### [PROBLEM DESCRIPTION]
Transcribe the listing exactly, skipping every picture.

***

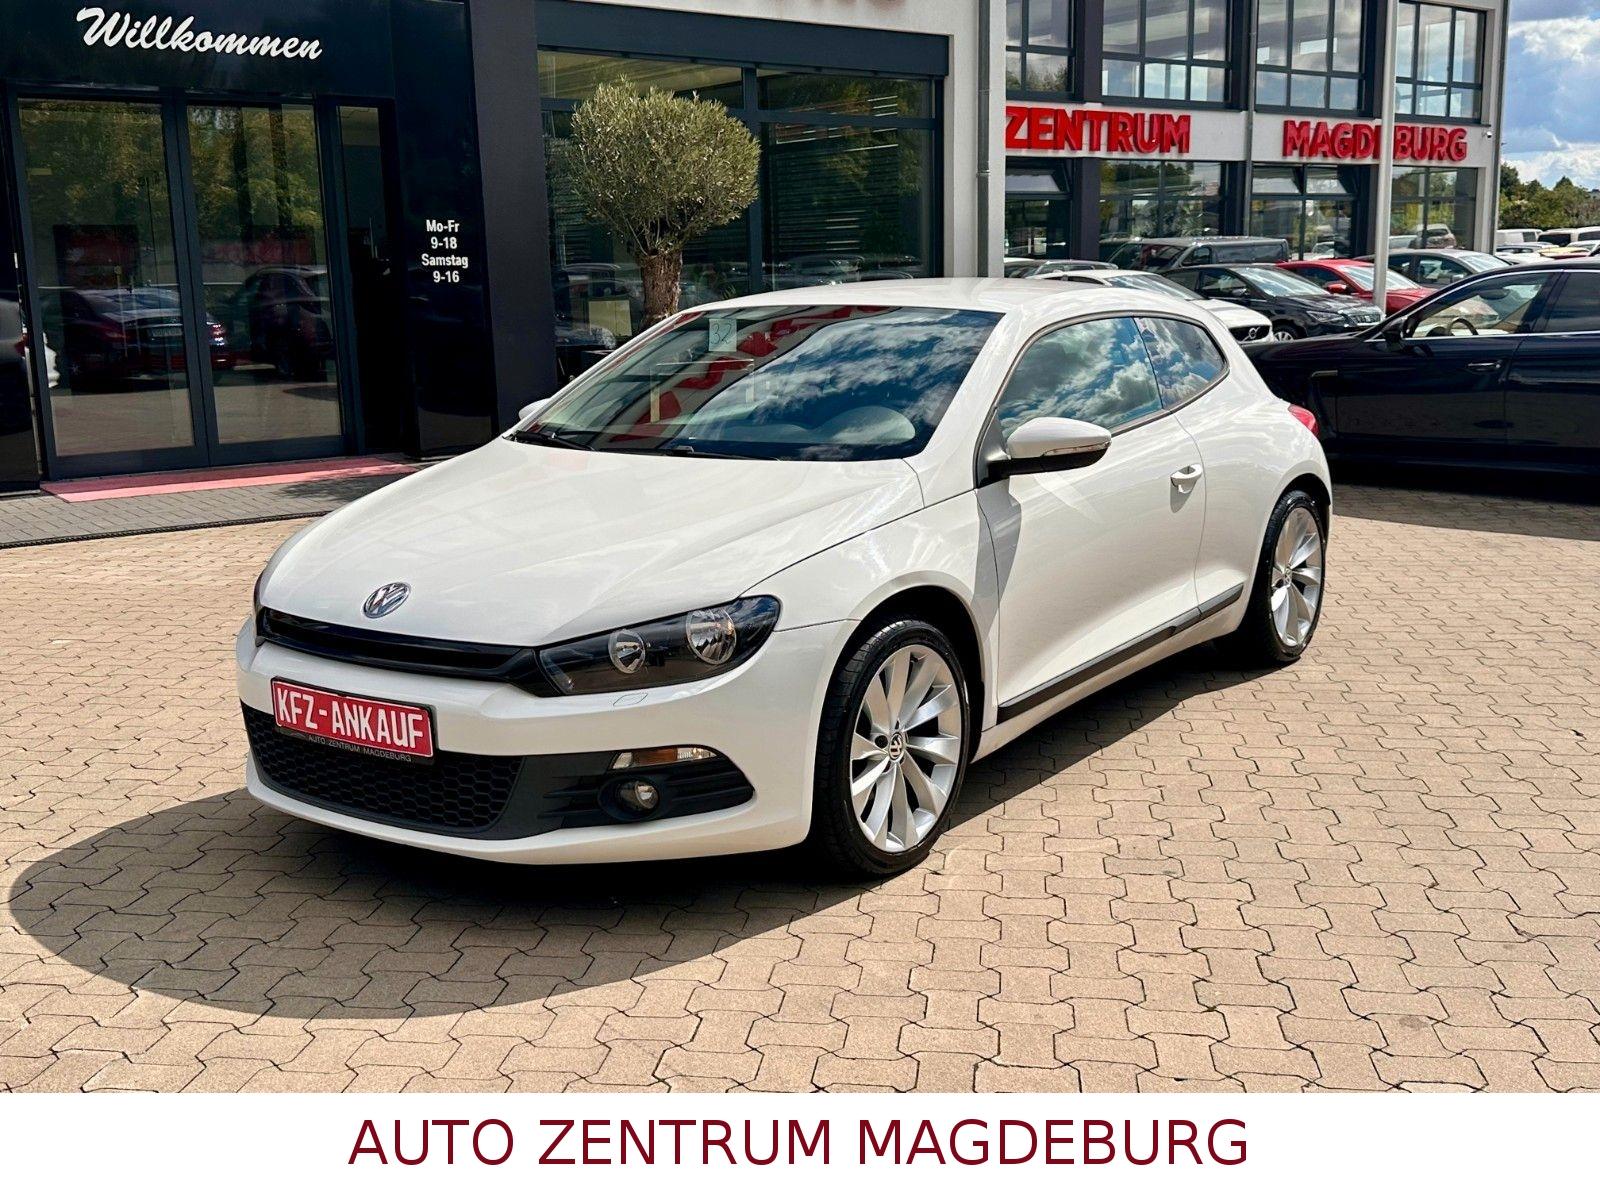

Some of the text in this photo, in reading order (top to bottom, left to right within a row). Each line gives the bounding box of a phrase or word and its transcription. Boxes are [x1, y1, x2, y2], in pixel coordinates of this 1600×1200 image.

[76, 7, 323, 60] Willkommen
[1005, 105, 1192, 155] ZENTRUM
[425, 219, 460, 233] Mo-Fr
[430, 236, 458, 249] 9-18
[421, 253, 469, 269] Samstag
[432, 270, 460, 283] 9-16
[276, 687, 424, 749] KFZ-ANKAUF
[308, 734, 412, 762] AUTO ZENTRUM MAGDEBURG
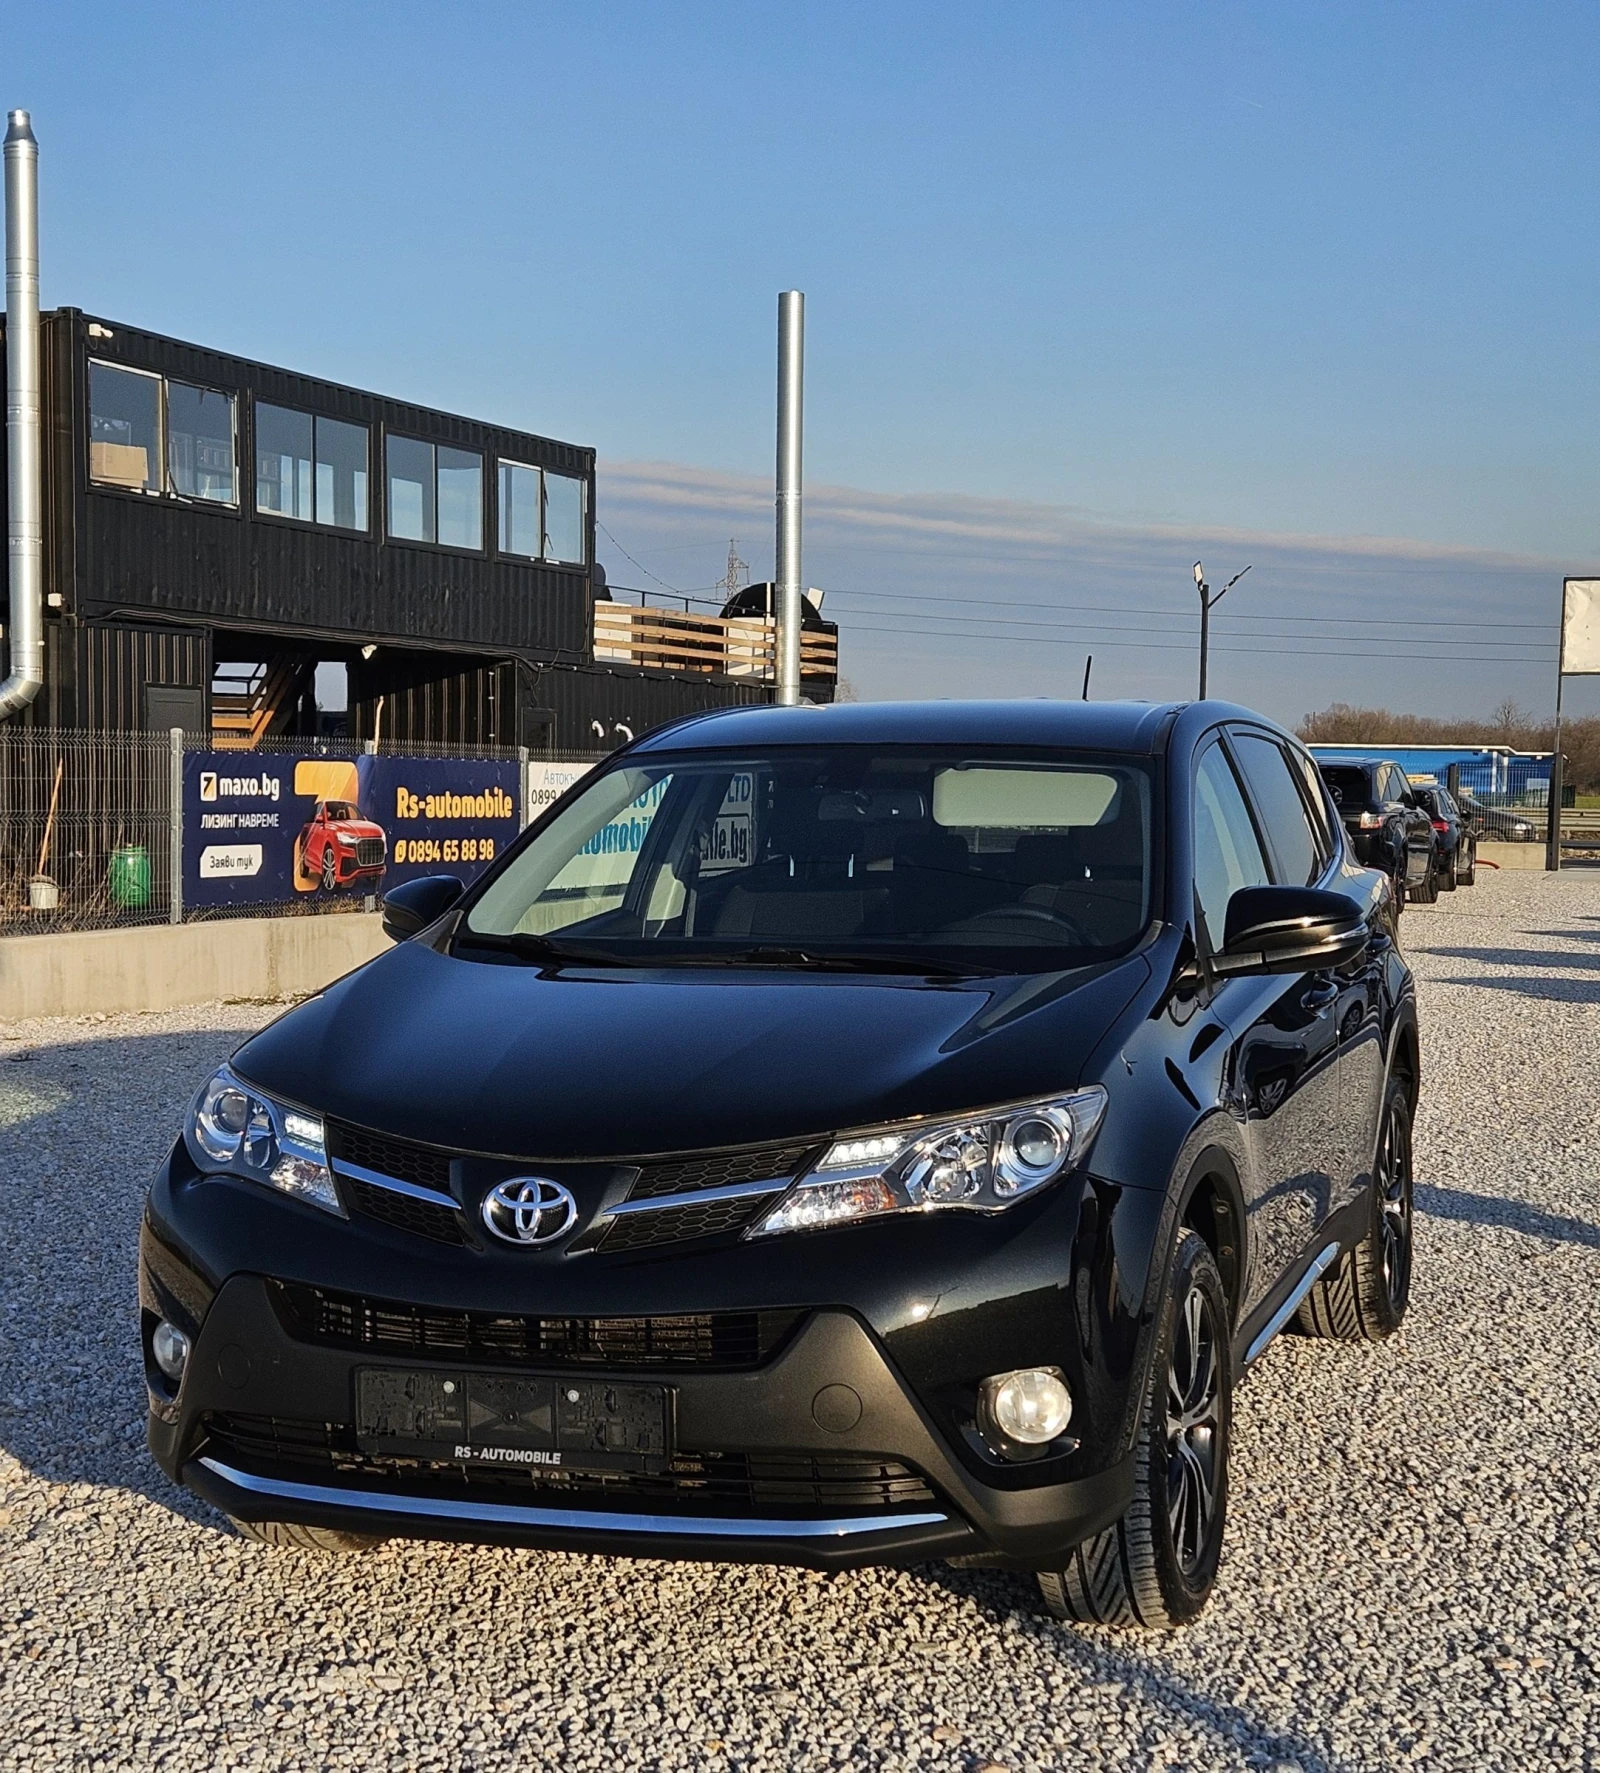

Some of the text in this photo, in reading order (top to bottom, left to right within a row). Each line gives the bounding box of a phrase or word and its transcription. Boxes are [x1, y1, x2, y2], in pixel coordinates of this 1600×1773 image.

[219, 772, 280, 801] maxo.bg
[397, 786, 512, 818] Rs-automobile
[201, 813, 279, 829] ЛИЗИНГ НАВРЕМЕ
[408, 838, 494, 863] 0894 65 88 98
[209, 854, 254, 870] Заяви тук
[454, 1445, 471, 1458] RS
[480, 1447, 562, 1465] AUTOMOBILE

***

### [TASK SOLUTION]
Some of the text in this photo, in reading order (top to bottom, left to right within a row). Each line gives the bounding box of a phrase or word and its transcription. Boxes are [x1, y1, x2, y2], in pixel coordinates of this 1600×1200 image.

[76, 7, 323, 60] Willkommen
[1005, 105, 1192, 155] ZENTRUM
[425, 219, 460, 233] Mo-Fr
[430, 236, 458, 249] 9-18
[421, 253, 469, 269] Samstag
[432, 270, 460, 283] 9-16
[276, 687, 424, 749] KFZ-ANKAUF
[308, 734, 412, 762] AUTO ZENTRUM MAGDEBURG

Some of the text in this photo, in reading order (top to bottom, left to right within a row). Each line gives the bounding box of a phrase or word and its transcription. Boxes are [x1, y1, x2, y2], in pixel coordinates of this 1600×1773 image.

[219, 772, 280, 801] maxo.bg
[397, 786, 512, 818] Rs-automobile
[201, 813, 279, 829] ЛИЗИНГ НАВРЕМЕ
[408, 838, 494, 863] 0894 65 88 98
[209, 854, 254, 870] Заяви тук
[454, 1445, 471, 1458] RS
[480, 1447, 562, 1465] AUTOMOBILE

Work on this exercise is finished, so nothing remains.